**THE PROBLEM**
Please reproduce all of the data below exactly, leaving each picture out.
--- DATA EXTRACTS Enclosed Below ---
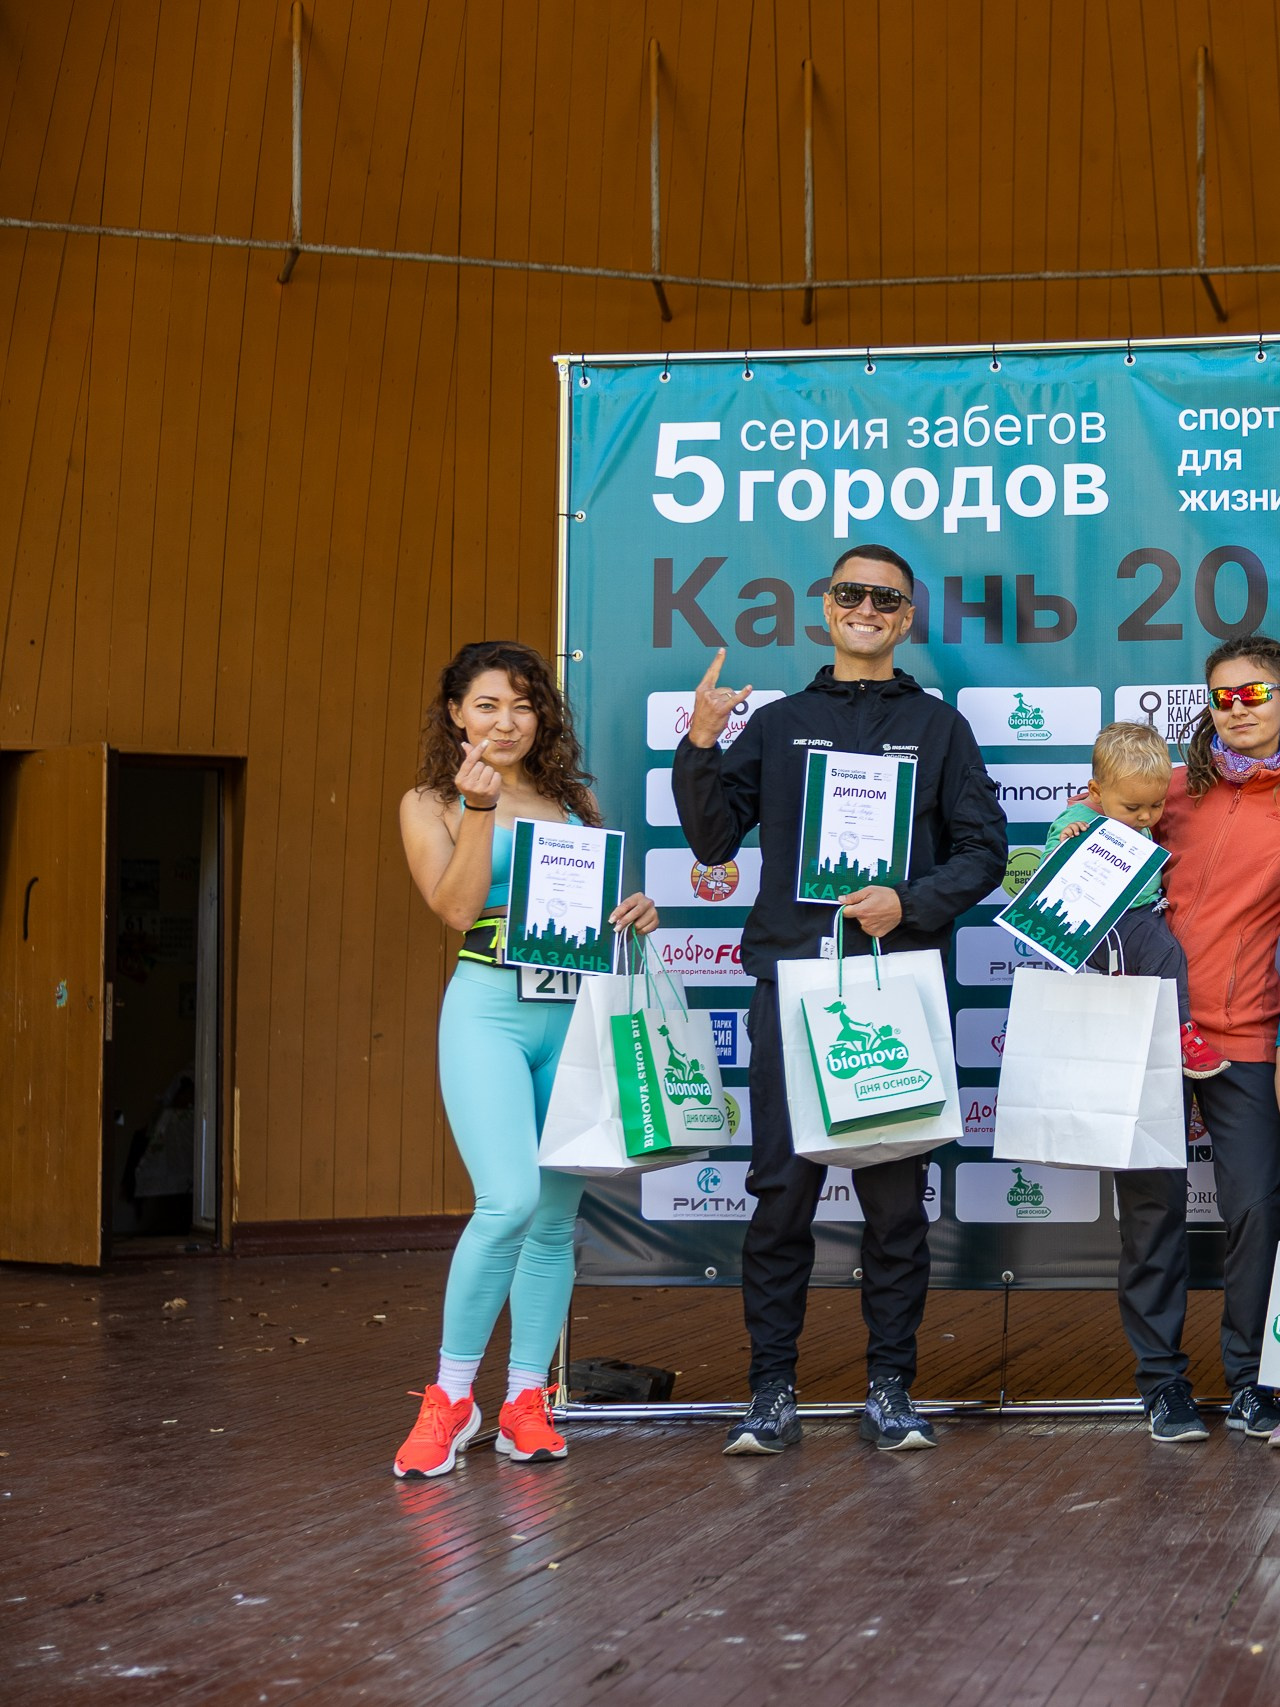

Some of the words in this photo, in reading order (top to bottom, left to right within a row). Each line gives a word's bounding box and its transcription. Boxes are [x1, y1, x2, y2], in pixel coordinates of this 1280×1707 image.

[1178, 406, 1280, 437] спорт
[740, 416, 889, 460] серия
[906, 404, 1108, 448] забегов
[1177, 448, 1243, 477] для
[652, 421, 726, 525] 5
[738, 462, 1110, 539] городов
[1008, 716, 1044, 726] bionova
[1167, 706, 1192, 723] КАК
[793, 738, 807, 746] DIE
[808, 739, 834, 748] HARD
[831, 768, 838, 777] 5
[837, 772, 867, 780] городов
[833, 786, 887, 800] ДИПЛОМ
[1098, 828, 1106, 836] 5
[538, 837, 545, 846] 5
[544, 841, 575, 850] городов
[540, 854, 596, 870] ДИПЛОМ
[1087, 842, 1132, 874] ДИПЛОМ
[1004, 909, 1080, 966] КАЗАНЬ
[511, 946, 611, 972] КАЗАНЬ
[825, 1044, 909, 1072] bionova
[663, 1076, 713, 1097] bionova
[859, 1083, 882, 1096] ДНЯ
[882, 1074, 925, 1091] ОСНОВА
[686, 1113, 699, 1123] ДНЯ
[699, 1113, 722, 1123] ОСНОВА
[672, 1197, 746, 1212] РИТМ
[1007, 1192, 1044, 1203] bionova
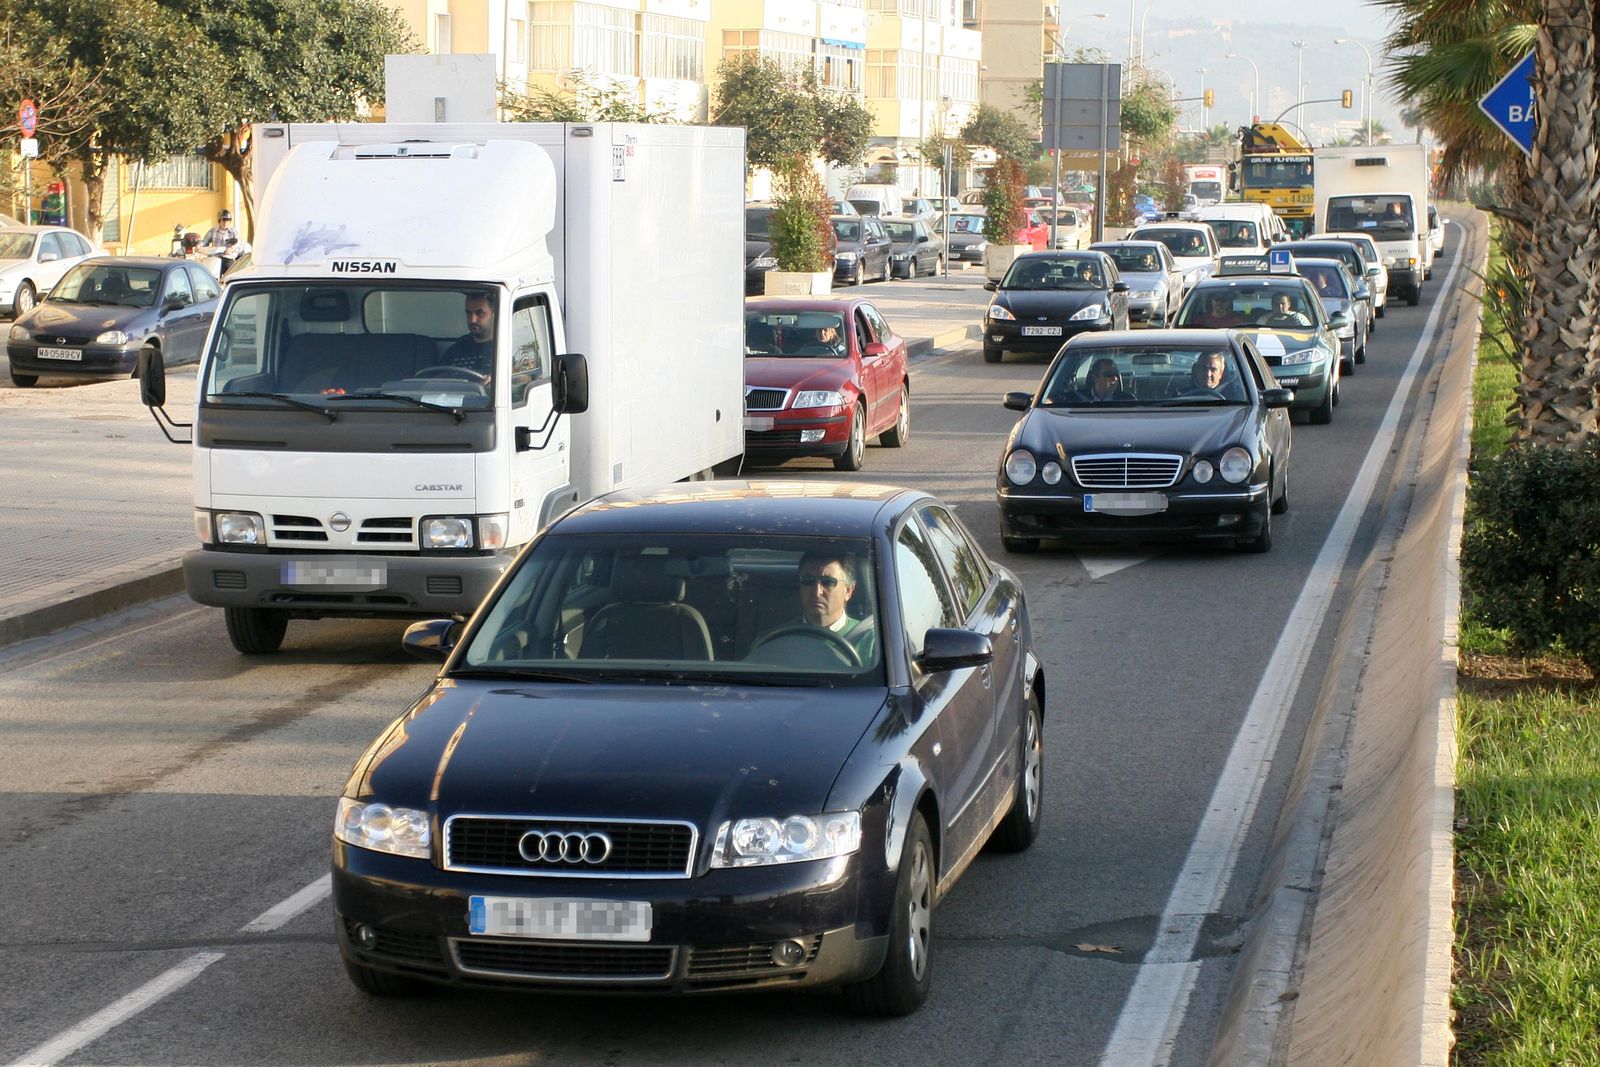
--- End of Enclosed DATA EXTRACTS ---
**RESULT OF THE EXERCISE**
Some of the words in this photo, in reading order (top to bottom, left to right within a row). Each line gives a word's bounding box and its transcription. Boxes are [x1, y1, x2, y2], in pixel coordinates of this 1280×1707 image.

[1178, 406, 1280, 437] спорт
[740, 416, 889, 460] серия
[906, 404, 1108, 448] забегов
[1177, 448, 1243, 477] для
[652, 421, 726, 525] 5
[738, 462, 1110, 539] городов
[1008, 716, 1044, 726] bionova
[1167, 706, 1192, 723] КАК
[793, 738, 807, 746] DIE
[808, 739, 834, 748] HARD
[831, 768, 838, 777] 5
[837, 772, 867, 780] городов
[833, 786, 887, 800] ДИПЛОМ
[1098, 828, 1106, 836] 5
[538, 837, 545, 846] 5
[544, 841, 575, 850] городов
[540, 854, 596, 870] ДИПЛОМ
[1087, 842, 1132, 874] ДИПЛОМ
[1004, 909, 1080, 966] КАЗАНЬ
[511, 946, 611, 972] КАЗАНЬ
[825, 1044, 909, 1072] bionova
[663, 1076, 713, 1097] bionova
[859, 1083, 882, 1096] ДНЯ
[882, 1074, 925, 1091] ОСНОВА
[686, 1113, 699, 1123] ДНЯ
[699, 1113, 722, 1123] ОСНОВА
[672, 1197, 746, 1212] РИТМ
[1007, 1192, 1044, 1203] bionova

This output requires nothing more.